━━ DATA LISTING ━━
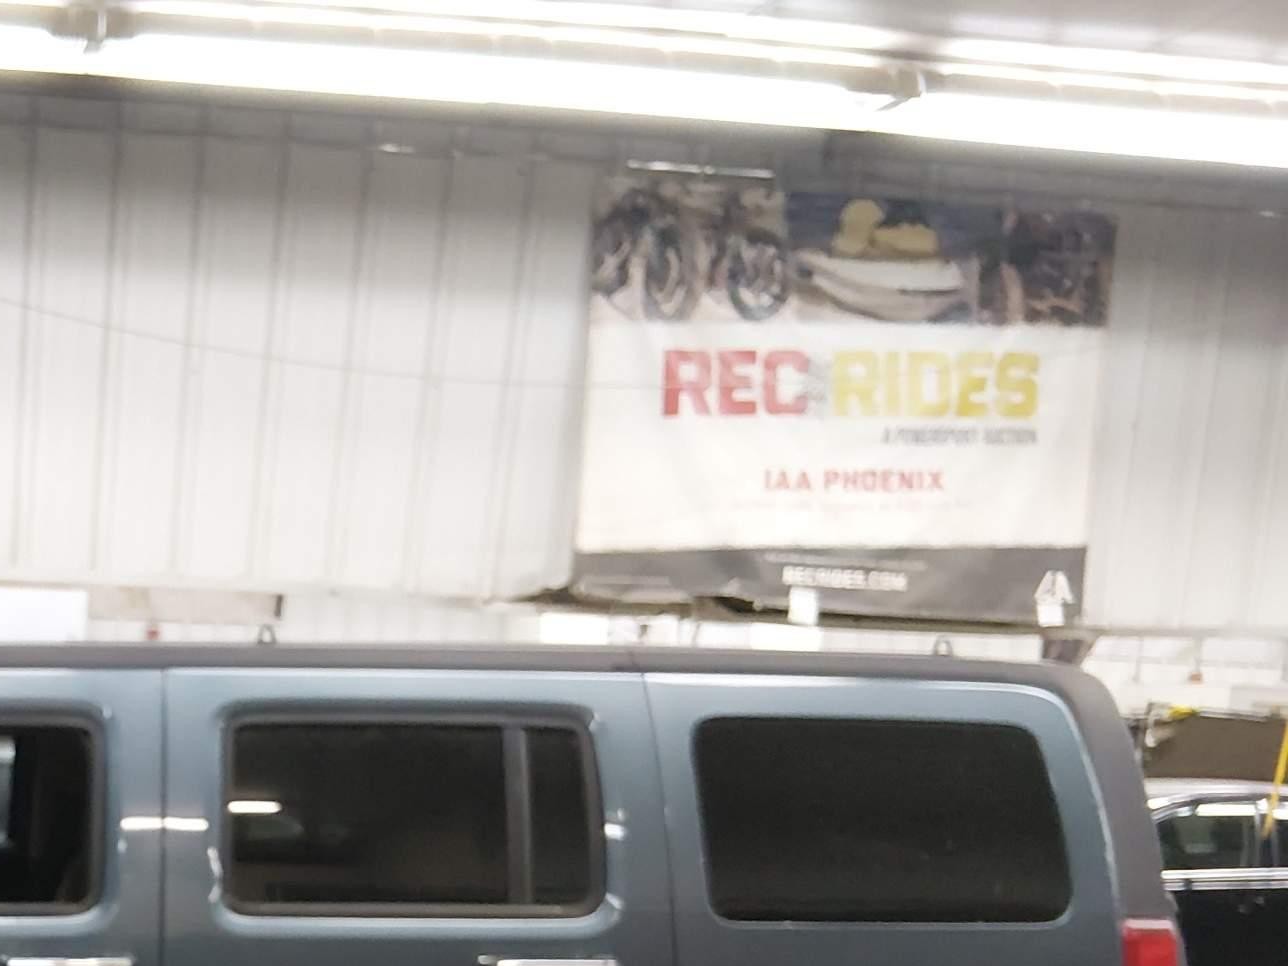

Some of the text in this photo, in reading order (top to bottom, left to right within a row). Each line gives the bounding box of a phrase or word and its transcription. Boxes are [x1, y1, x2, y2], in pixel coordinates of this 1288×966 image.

[661, 349, 811, 418] REC
[831, 349, 1041, 419] RIDES
[764, 468, 944, 493] IAA PHOENIX
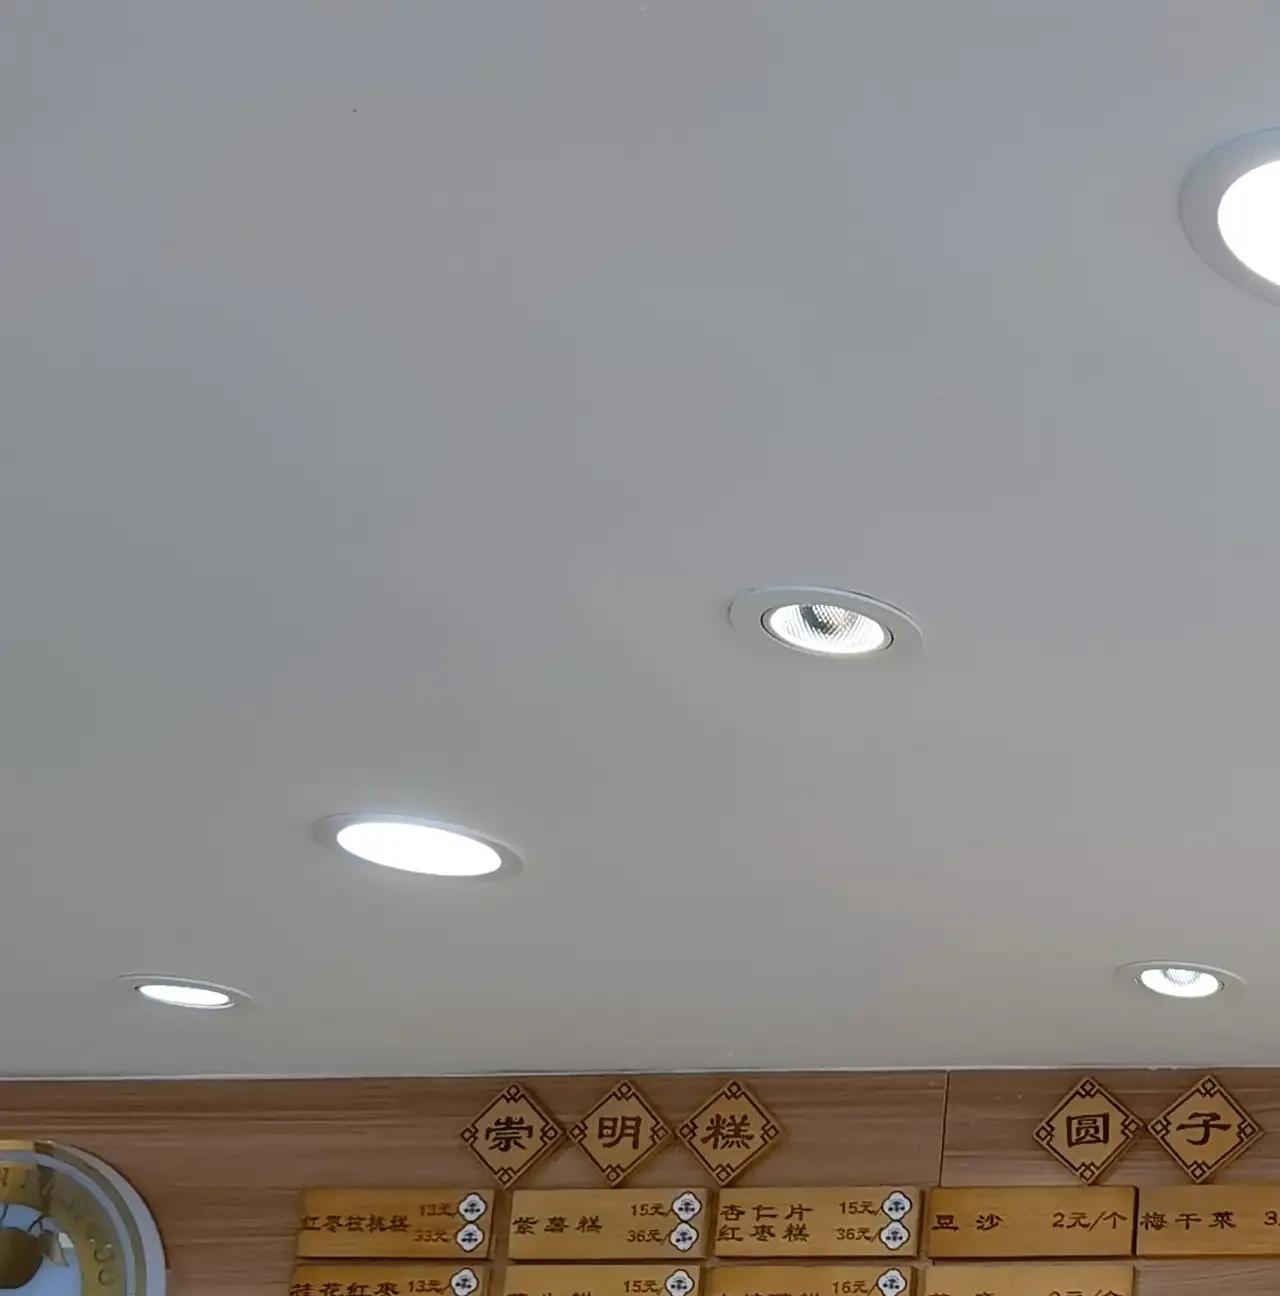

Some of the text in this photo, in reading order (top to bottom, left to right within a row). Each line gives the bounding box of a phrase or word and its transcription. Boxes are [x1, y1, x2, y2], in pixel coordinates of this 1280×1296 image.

[483, 1112, 755, 1152] 崇明糕
[1066, 1112, 1232, 1146] 圆子
[720, 1204, 813, 1221] 杏仁片
[932, 1212, 1127, 1230] 豆沙 2元/个
[1140, 1211, 1236, 1230] 梅干菜
[302, 1216, 410, 1232] 红枣核桃糕
[513, 1216, 603, 1235] 紫薯糕
[717, 1224, 810, 1242] 红枣糕
━━━
DIRECTIONS FOR THIS TASK: The result should be the listing above, restated exactly, with no pictures in it.

FINISHED TASK:
Some of the text in this photo, in reading order (top to bottom, left to right within a row). Each line gives the bounding box of a phrase or word and its transcription. Boxes are [x1, y1, x2, y2], in pixel coordinates of this 1288×966 image.

[661, 349, 811, 418] REC
[831, 349, 1041, 419] RIDES
[764, 468, 944, 493] IAA PHOENIX

Some of the text in this photo, in reading order (top to bottom, left to right within a row). Each line gives the bounding box of a phrase or word and its transcription. Boxes are [x1, y1, x2, y2], in pixel coordinates of this 1280×1296 image.

[483, 1112, 755, 1152] 崇明糕
[1066, 1112, 1232, 1146] 圆子
[720, 1204, 813, 1221] 杏仁片
[932, 1212, 1127, 1230] 豆沙 2元/个
[1140, 1211, 1236, 1230] 梅干菜
[302, 1216, 410, 1232] 红枣核桃糕
[513, 1216, 603, 1235] 紫薯糕
[717, 1224, 810, 1242] 红枣糕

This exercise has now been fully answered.